Required work:
Print every record exactly, but leave out the pictures.

Record extracts:
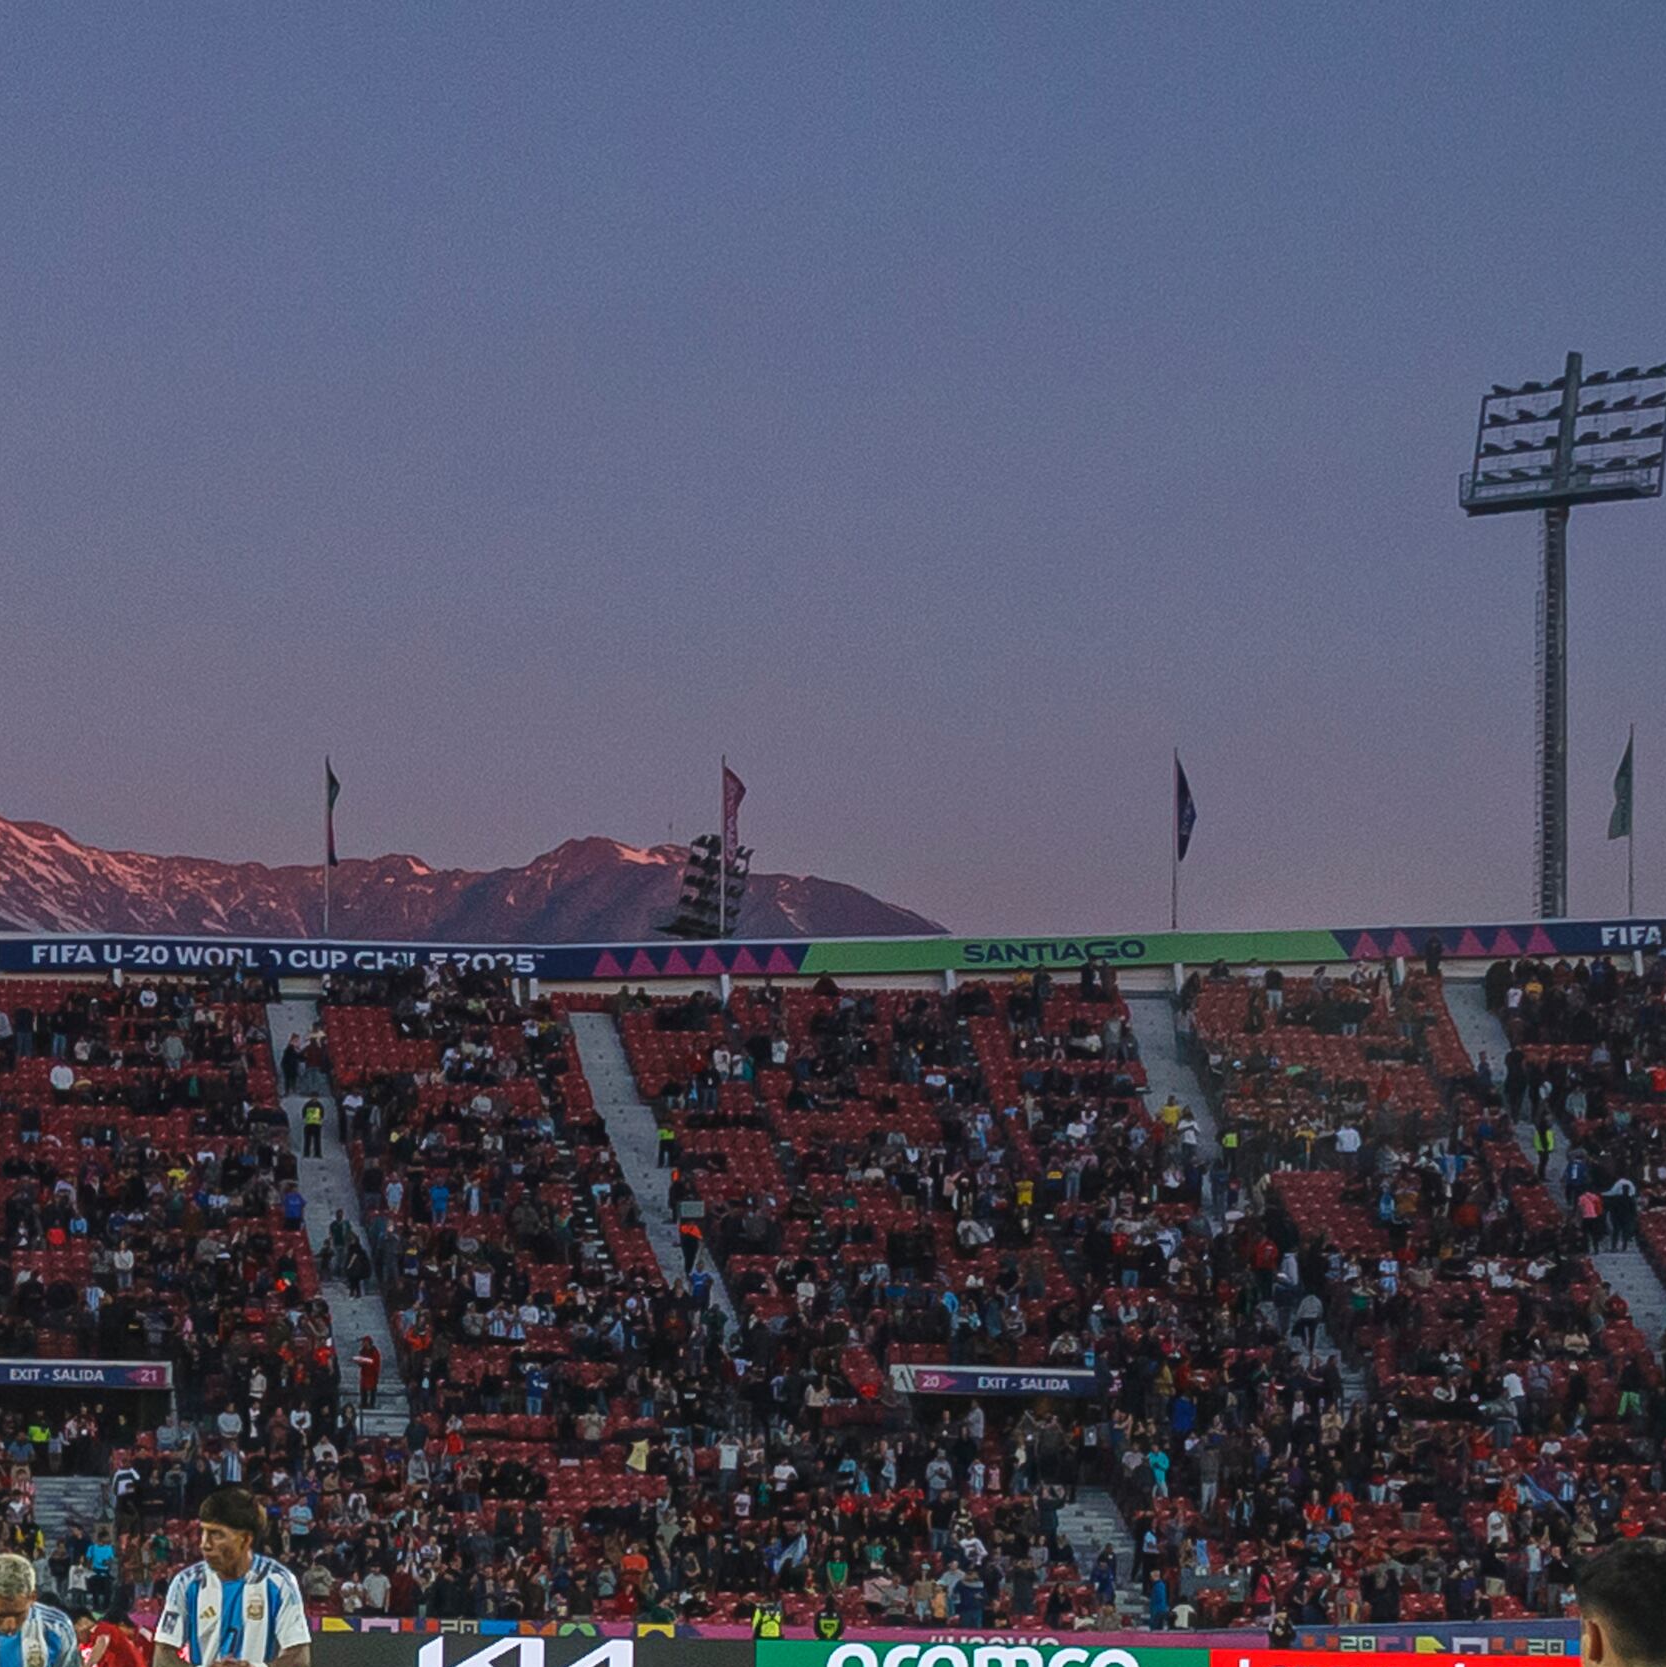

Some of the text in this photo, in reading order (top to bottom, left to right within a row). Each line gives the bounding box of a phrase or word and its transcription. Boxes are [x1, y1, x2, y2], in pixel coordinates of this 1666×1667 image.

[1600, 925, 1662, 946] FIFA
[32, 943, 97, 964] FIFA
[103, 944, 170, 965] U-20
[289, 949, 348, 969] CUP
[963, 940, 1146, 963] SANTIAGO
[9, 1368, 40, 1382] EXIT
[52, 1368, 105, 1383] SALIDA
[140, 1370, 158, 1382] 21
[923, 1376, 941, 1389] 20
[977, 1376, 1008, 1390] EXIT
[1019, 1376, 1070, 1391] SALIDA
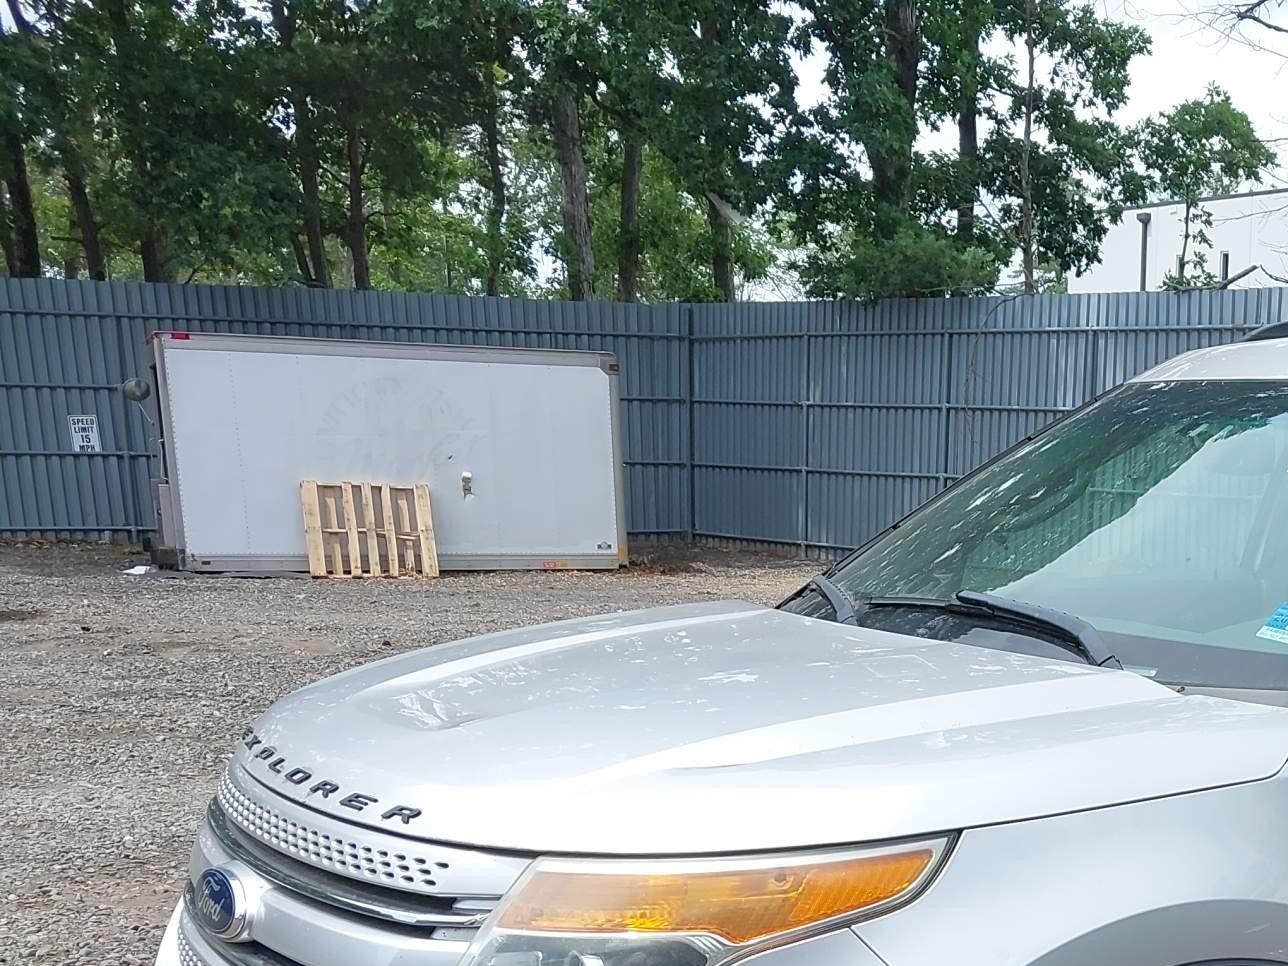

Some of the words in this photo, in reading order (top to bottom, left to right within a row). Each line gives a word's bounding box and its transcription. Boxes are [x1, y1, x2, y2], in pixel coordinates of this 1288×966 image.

Task response:
Some of the text in this photo, in reading order (top to bottom, left to right within a row). Each line gives the bounding box of a phrase or word and its transcription. Boxes are [x1, y1, x2, y2], in pixel coordinates of this 1666×1667 image.

[1600, 925, 1662, 946] FIFA
[32, 943, 97, 964] FIFA
[103, 944, 170, 965] U-20
[289, 949, 348, 969] CUP
[963, 940, 1146, 963] SANTIAGO
[9, 1368, 40, 1382] EXIT
[52, 1368, 105, 1383] SALIDA
[140, 1370, 158, 1382] 21
[923, 1376, 941, 1389] 20
[977, 1376, 1008, 1390] EXIT
[1019, 1376, 1070, 1391] SALIDA

Some of the words in this photo, in reading order (top to bottom, left to right within a row). Each line gives a word's bounding box and its transcription. Boxes are [x1, y1, x2, y2], in pixel coordinates of this 1288×966 image.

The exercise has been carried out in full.